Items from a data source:
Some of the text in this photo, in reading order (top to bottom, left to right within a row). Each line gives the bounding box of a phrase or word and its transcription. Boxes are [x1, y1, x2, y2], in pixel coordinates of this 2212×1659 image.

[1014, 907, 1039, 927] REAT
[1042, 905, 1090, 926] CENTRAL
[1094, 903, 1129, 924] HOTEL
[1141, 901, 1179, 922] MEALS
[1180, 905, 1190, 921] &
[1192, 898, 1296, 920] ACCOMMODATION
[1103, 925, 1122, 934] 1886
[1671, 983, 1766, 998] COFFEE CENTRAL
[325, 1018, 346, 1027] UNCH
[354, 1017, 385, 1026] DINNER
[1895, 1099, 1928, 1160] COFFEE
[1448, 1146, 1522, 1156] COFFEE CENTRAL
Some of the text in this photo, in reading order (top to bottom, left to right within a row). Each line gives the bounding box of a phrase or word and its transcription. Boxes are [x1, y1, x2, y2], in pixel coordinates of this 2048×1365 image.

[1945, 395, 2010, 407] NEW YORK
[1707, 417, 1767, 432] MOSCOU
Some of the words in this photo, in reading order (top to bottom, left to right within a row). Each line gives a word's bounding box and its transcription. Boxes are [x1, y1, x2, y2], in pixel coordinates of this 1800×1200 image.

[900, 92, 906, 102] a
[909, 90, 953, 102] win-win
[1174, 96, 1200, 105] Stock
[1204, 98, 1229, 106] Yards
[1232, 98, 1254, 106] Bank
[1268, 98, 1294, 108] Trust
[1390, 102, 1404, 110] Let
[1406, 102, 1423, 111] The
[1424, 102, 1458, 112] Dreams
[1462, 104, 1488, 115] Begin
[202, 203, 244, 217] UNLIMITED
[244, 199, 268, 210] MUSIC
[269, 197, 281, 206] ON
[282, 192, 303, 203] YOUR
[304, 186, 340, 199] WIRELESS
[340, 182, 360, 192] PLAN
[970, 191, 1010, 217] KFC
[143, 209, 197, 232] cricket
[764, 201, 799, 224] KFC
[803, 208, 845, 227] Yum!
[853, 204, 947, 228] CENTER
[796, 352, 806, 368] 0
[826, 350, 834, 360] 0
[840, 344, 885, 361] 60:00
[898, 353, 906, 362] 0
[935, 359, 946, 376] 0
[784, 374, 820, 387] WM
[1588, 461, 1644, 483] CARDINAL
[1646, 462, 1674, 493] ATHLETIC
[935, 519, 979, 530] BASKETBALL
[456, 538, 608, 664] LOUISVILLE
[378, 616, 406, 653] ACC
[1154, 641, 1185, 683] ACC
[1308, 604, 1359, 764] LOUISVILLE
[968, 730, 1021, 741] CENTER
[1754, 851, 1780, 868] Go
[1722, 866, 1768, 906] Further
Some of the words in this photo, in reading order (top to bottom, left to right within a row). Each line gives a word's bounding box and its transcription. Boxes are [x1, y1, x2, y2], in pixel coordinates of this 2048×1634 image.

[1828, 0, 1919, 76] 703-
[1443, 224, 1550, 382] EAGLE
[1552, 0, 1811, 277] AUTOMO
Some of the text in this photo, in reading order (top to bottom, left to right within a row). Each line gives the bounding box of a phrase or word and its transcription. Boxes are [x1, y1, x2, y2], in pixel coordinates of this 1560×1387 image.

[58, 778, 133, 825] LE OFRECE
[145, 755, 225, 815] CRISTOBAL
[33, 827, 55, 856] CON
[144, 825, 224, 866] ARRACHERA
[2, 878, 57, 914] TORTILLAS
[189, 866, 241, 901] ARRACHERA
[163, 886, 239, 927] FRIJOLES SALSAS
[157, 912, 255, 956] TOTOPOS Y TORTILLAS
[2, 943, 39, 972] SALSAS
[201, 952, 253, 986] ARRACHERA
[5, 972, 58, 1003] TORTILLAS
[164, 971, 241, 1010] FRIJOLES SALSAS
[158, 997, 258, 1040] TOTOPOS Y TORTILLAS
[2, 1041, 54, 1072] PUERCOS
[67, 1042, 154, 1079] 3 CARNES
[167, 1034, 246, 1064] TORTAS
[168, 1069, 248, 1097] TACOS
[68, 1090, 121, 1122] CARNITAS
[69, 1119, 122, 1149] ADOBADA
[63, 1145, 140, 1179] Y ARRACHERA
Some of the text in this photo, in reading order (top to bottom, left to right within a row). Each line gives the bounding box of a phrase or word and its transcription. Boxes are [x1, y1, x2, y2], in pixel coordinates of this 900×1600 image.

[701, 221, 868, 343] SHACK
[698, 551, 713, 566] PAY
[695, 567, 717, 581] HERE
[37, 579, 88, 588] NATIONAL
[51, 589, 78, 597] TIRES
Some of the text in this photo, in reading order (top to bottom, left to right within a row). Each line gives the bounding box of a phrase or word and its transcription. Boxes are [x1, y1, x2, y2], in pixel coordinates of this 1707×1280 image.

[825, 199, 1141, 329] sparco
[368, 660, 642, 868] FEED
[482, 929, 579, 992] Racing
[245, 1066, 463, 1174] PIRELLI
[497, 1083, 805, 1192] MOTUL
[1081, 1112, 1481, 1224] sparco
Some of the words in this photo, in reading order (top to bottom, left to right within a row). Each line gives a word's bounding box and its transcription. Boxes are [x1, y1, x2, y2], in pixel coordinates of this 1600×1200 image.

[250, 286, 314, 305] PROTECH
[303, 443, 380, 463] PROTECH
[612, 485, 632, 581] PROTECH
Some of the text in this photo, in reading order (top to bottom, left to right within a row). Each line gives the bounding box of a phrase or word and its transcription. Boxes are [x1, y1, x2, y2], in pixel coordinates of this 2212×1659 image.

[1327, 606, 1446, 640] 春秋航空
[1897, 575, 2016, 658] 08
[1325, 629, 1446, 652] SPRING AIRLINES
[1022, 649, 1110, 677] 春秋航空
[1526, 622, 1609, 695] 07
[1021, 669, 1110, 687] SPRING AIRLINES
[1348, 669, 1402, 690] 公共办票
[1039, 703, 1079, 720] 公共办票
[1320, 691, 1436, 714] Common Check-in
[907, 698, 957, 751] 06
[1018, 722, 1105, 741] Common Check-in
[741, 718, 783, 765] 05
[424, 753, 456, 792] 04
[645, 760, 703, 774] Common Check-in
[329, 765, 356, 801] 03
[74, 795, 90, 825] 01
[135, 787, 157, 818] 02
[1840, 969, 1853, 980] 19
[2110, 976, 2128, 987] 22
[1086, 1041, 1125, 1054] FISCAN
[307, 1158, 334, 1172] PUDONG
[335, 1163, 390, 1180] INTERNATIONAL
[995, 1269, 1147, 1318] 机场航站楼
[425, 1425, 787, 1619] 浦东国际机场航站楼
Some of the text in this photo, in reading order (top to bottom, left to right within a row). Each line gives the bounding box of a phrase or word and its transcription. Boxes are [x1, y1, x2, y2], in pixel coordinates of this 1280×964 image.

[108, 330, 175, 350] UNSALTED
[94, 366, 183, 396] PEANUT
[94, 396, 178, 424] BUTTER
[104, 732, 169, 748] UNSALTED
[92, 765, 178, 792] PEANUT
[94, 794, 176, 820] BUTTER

YOUR ASSIGNMENT: Every entry must be output again exactly as it was given.

YOUR SOLUTION:
Some of the text in this photo, in reading order (top to bottom, left to right within a row). Each line gives the bounding box of a phrase or word and its transcription. Boxes are [x1, y1, x2, y2], in pixel coordinates of this 2212×1659 image.

[1014, 907, 1039, 927] REAT
[1042, 905, 1090, 926] CENTRAL
[1094, 903, 1129, 924] HOTEL
[1141, 901, 1179, 922] MEALS
[1180, 905, 1190, 921] &
[1192, 898, 1296, 920] ACCOMMODATION
[1103, 925, 1122, 934] 1886
[1671, 983, 1766, 998] COFFEE CENTRAL
[325, 1018, 346, 1027] UNCH
[354, 1017, 385, 1026] DINNER
[1895, 1099, 1928, 1160] COFFEE
[1448, 1146, 1522, 1156] COFFEE CENTRAL
Some of the text in this photo, in reading order (top to bottom, left to right within a row). Each line gives the bounding box of a phrase or word and its transcription. Boxes are [x1, y1, x2, y2], in pixel coordinates of this 2048×1365 image.

[1945, 395, 2010, 407] NEW YORK
[1707, 417, 1767, 432] MOSCOU
Some of the words in this photo, in reading order (top to bottom, left to right within a row). Each line gives a word's bounding box and its transcription. Boxes are [x1, y1, x2, y2], in pixel coordinates of this 1800×1200 image.

[900, 92, 906, 102] a
[909, 90, 953, 102] win-win
[1174, 96, 1200, 105] Stock
[1204, 98, 1229, 106] Yards
[1232, 98, 1254, 106] Bank
[1268, 98, 1294, 108] Trust
[1390, 102, 1404, 110] Let
[1406, 102, 1423, 111] The
[1424, 102, 1458, 112] Dreams
[1462, 104, 1488, 115] Begin
[202, 203, 244, 217] UNLIMITED
[244, 199, 268, 210] MUSIC
[269, 197, 281, 206] ON
[282, 192, 303, 203] YOUR
[304, 186, 340, 199] WIRELESS
[340, 182, 360, 192] PLAN
[970, 191, 1010, 217] KFC
[143, 209, 197, 232] cricket
[764, 201, 799, 224] KFC
[803, 208, 845, 227] Yum!
[853, 204, 947, 228] CENTER
[796, 352, 806, 368] 0
[826, 350, 834, 360] 0
[840, 344, 885, 361] 60:00
[898, 353, 906, 362] 0
[935, 359, 946, 376] 0
[784, 374, 820, 387] WM
[1588, 461, 1644, 483] CARDINAL
[1646, 462, 1674, 493] ATHLETIC
[935, 519, 979, 530] BASKETBALL
[456, 538, 608, 664] LOUISVILLE
[378, 616, 406, 653] ACC
[1154, 641, 1185, 683] ACC
[1308, 604, 1359, 764] LOUISVILLE
[968, 730, 1021, 741] CENTER
[1754, 851, 1780, 868] Go
[1722, 866, 1768, 906] Further
Some of the words in this photo, in reading order (top to bottom, left to right within a row). Each line gives a word's bounding box and its transcription. Boxes are [x1, y1, x2, y2], in pixel coordinates of this 2048×1634 image.

[1828, 0, 1919, 76] 703-
[1443, 224, 1550, 382] EAGLE
[1552, 0, 1811, 277] AUTOMO
Some of the text in this photo, in reading order (top to bottom, left to right within a row). Each line gives the bounding box of a phrase or word and its transcription. Boxes are [x1, y1, x2, y2], in pixel coordinates of this 1560×1387 image.

[58, 778, 133, 825] LE OFRECE
[145, 755, 225, 815] CRISTOBAL
[33, 827, 55, 856] CON
[144, 825, 224, 866] ARRACHERA
[2, 878, 57, 914] TORTILLAS
[189, 866, 241, 901] ARRACHERA
[163, 886, 239, 927] FRIJOLES SALSAS
[157, 912, 255, 956] TOTOPOS Y TORTILLAS
[2, 943, 39, 972] SALSAS
[201, 952, 253, 986] ARRACHERA
[5, 972, 58, 1003] TORTILLAS
[164, 971, 241, 1010] FRIJOLES SALSAS
[158, 997, 258, 1040] TOTOPOS Y TORTILLAS
[2, 1041, 54, 1072] PUERCOS
[67, 1042, 154, 1079] 3 CARNES
[167, 1034, 246, 1064] TORTAS
[168, 1069, 248, 1097] TACOS
[68, 1090, 121, 1122] CARNITAS
[69, 1119, 122, 1149] ADOBADA
[63, 1145, 140, 1179] Y ARRACHERA
Some of the text in this photo, in reading order (top to bottom, left to right within a row). Each line gives the bounding box of a phrase or word and its transcription. Boxes are [x1, y1, x2, y2], in pixel coordinates of this 900×1600 image.

[701, 221, 868, 343] SHACK
[698, 551, 713, 566] PAY
[695, 567, 717, 581] HERE
[37, 579, 88, 588] NATIONAL
[51, 589, 78, 597] TIRES
Some of the text in this photo, in reading order (top to bottom, left to right within a row). Each line gives the bounding box of a phrase or word and its transcription. Boxes are [x1, y1, x2, y2], in pixel coordinates of this 1707×1280 image.

[825, 199, 1141, 329] sparco
[368, 660, 642, 868] FEED
[482, 929, 579, 992] Racing
[245, 1066, 463, 1174] PIRELLI
[497, 1083, 805, 1192] MOTUL
[1081, 1112, 1481, 1224] sparco
Some of the words in this photo, in reading order (top to bottom, left to right within a row). Each line gives a word's bounding box and its transcription. Boxes are [x1, y1, x2, y2], in pixel coordinates of this 1600×1200 image.

[250, 286, 314, 305] PROTECH
[303, 443, 380, 463] PROTECH
[612, 485, 632, 581] PROTECH
Some of the text in this photo, in reading order (top to bottom, left to right within a row). Each line gives the bounding box of a phrase or word and its transcription. Boxes are [x1, y1, x2, y2], in pixel coordinates of this 2212×1659 image.

[1327, 606, 1446, 640] 春秋航空
[1897, 575, 2016, 658] 08
[1325, 629, 1446, 652] SPRING AIRLINES
[1022, 649, 1110, 677] 春秋航空
[1526, 622, 1609, 695] 07
[1021, 669, 1110, 687] SPRING AIRLINES
[1348, 669, 1402, 690] 公共办票
[1039, 703, 1079, 720] 公共办票
[1320, 691, 1436, 714] Common Check-in
[907, 698, 957, 751] 06
[1018, 722, 1105, 741] Common Check-in
[741, 718, 783, 765] 05
[424, 753, 456, 792] 04
[645, 760, 703, 774] Common Check-in
[329, 765, 356, 801] 03
[74, 795, 90, 825] 01
[135, 787, 157, 818] 02
[1840, 969, 1853, 980] 19
[2110, 976, 2128, 987] 22
[1086, 1041, 1125, 1054] FISCAN
[307, 1158, 334, 1172] PUDONG
[335, 1163, 390, 1180] INTERNATIONAL
[995, 1269, 1147, 1318] 机场航站楼
[425, 1425, 787, 1619] 浦东国际机场航站楼
Some of the text in this photo, in reading order (top to bottom, left to right within a row). Each line gives the bounding box of a phrase or word and its transcription. Boxes are [x1, y1, x2, y2], in pixel coordinates of this 1280×964 image.

[108, 330, 175, 350] UNSALTED
[94, 366, 183, 396] PEANUT
[94, 396, 178, 424] BUTTER
[104, 732, 169, 748] UNSALTED
[92, 765, 178, 792] PEANUT
[94, 794, 176, 820] BUTTER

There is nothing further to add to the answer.